Without the pictures, restate all of the data below word for word.

[Start of Attachment]

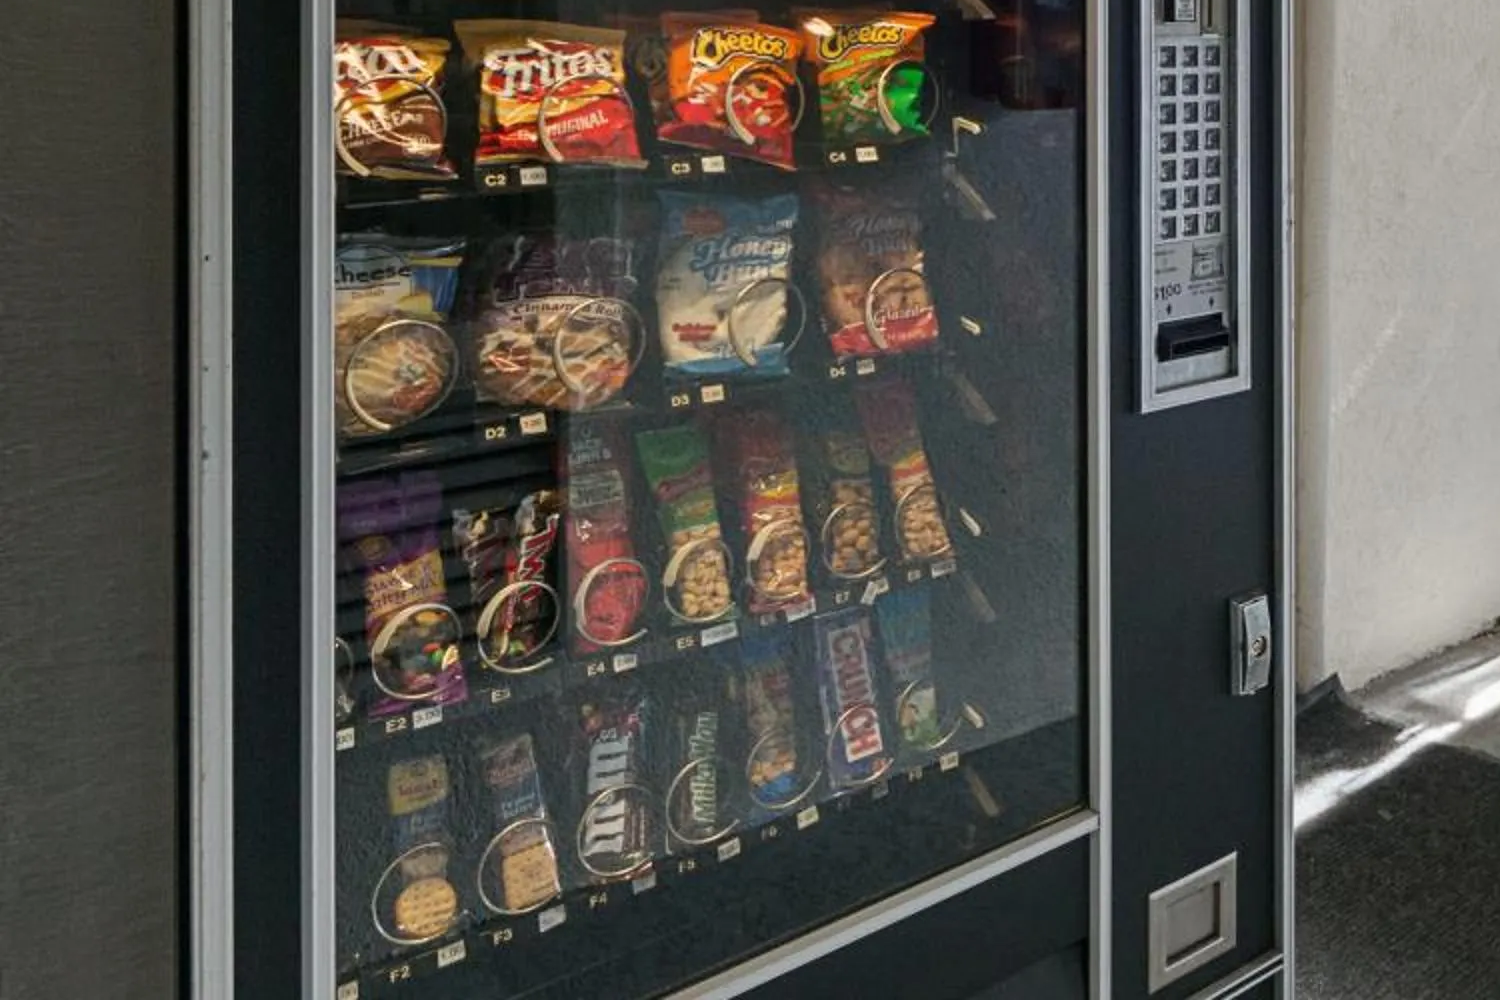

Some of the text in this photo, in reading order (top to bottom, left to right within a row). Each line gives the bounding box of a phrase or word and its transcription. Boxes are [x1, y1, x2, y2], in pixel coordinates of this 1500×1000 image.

[695, 29, 788, 61] Cheetos
[821, 24, 902, 60] Cheetos
[483, 45, 614, 98] Fritos
[484, 173, 507, 187] C2
[485, 426, 507, 440] D2

[End of Attachment]

_Written solution_.
Some of the text in this photo, in reading order (top to bottom, left to right within a row). Each line gives the bounding box of a phrase or word and its transcription. Boxes are [x1, y1, x2, y2], in pixel coordinates of this 1500×1000 image.

[695, 29, 788, 61] Cheetos
[821, 24, 902, 60] Cheetos
[483, 45, 614, 98] Fritos
[484, 173, 507, 187] C2
[485, 426, 507, 440] D2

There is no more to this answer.